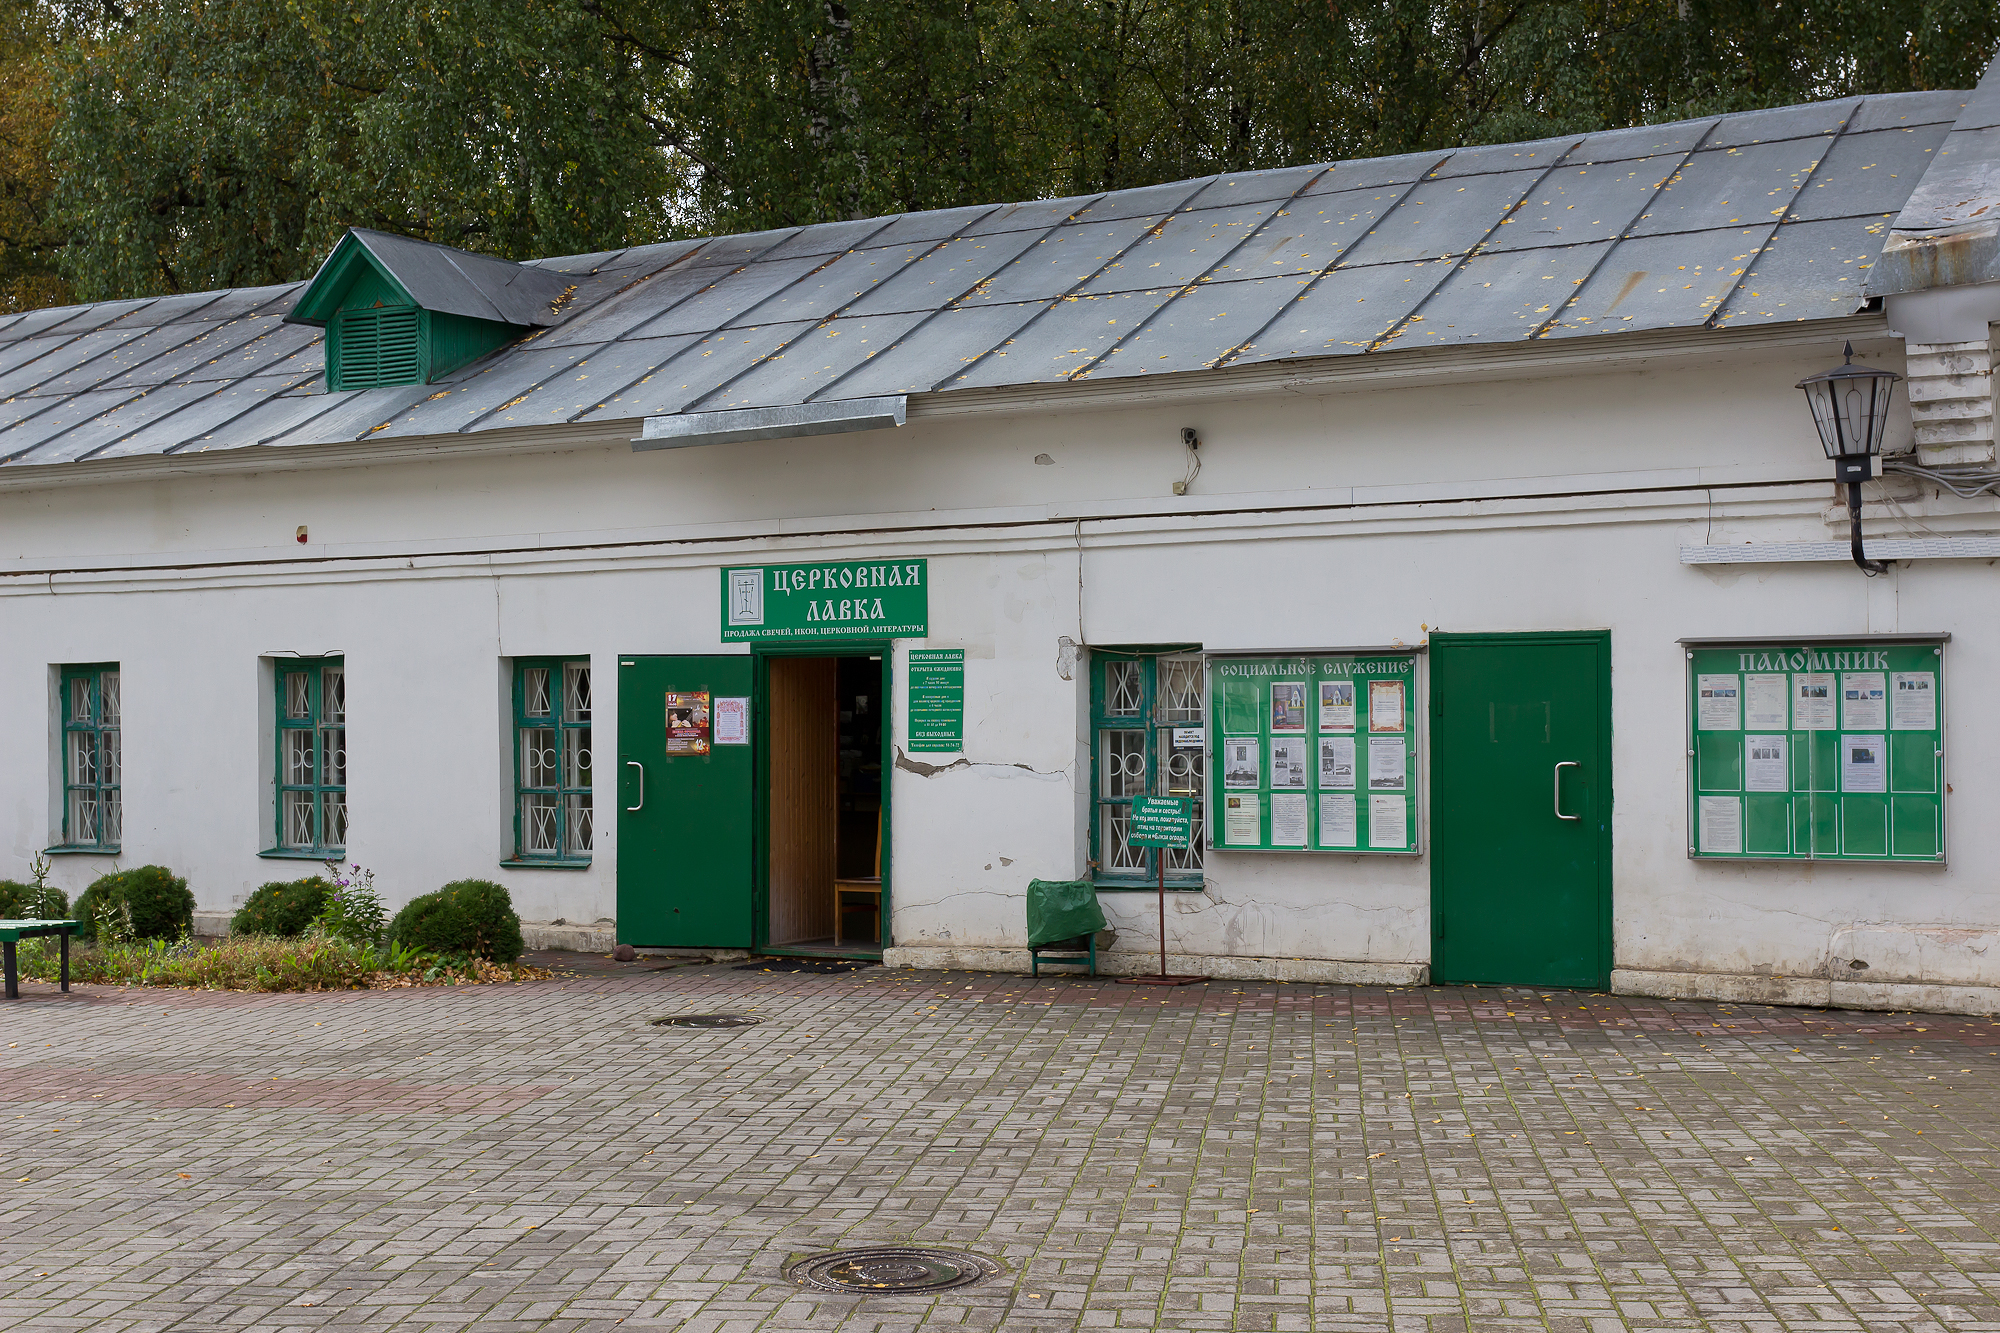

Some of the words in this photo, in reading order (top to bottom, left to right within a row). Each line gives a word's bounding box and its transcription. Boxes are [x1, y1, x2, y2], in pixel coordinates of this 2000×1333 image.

[773, 564, 920, 596] ЦЕРКОВНАЯ
[806, 598, 886, 622] ЛАВКА
[724, 629, 761, 638] ПРОДАЖА
[761, 627, 793, 637] СВЕЧЕЙ,
[794, 627, 819, 636] ИКОН,
[820, 625, 869, 636] ЦЕРКОВНОЙ
[870, 624, 924, 634] ЛИТЕРАТУРЫ
[1220, 661, 1317, 678] СОЦИАЛЬНОЕ
[1323, 660, 1410, 678] СЛУЖЕНИЕ
[1738, 651, 1890, 671] ПАЛОМНИК
[1141, 806, 1158, 814] братья
[1147, 797, 1179, 806] Уважаемые

◆ **Task details**
Please give back every line above exactly as it stands, without pictures.

◆ **Your solution**
Some of the words in this photo, in reading order (top to bottom, left to right within a row). Each line gives a word's bounding box and its transcription. Boxes are [x1, y1, x2, y2], in pixel coordinates of this 2000×1333 image.

[773, 564, 920, 596] ЦЕРКОВНАЯ
[806, 598, 886, 622] ЛАВКА
[724, 629, 761, 638] ПРОДАЖА
[761, 627, 793, 637] СВЕЧЕЙ,
[794, 627, 819, 636] ИКОН,
[820, 625, 869, 636] ЦЕРКОВНОЙ
[870, 624, 924, 634] ЛИТЕРАТУРЫ
[1220, 661, 1317, 678] СОЦИАЛЬНОЕ
[1323, 660, 1410, 678] СЛУЖЕНИЕ
[1738, 651, 1890, 671] ПАЛОМНИК
[1141, 806, 1158, 814] братья
[1147, 797, 1179, 806] Уважаемые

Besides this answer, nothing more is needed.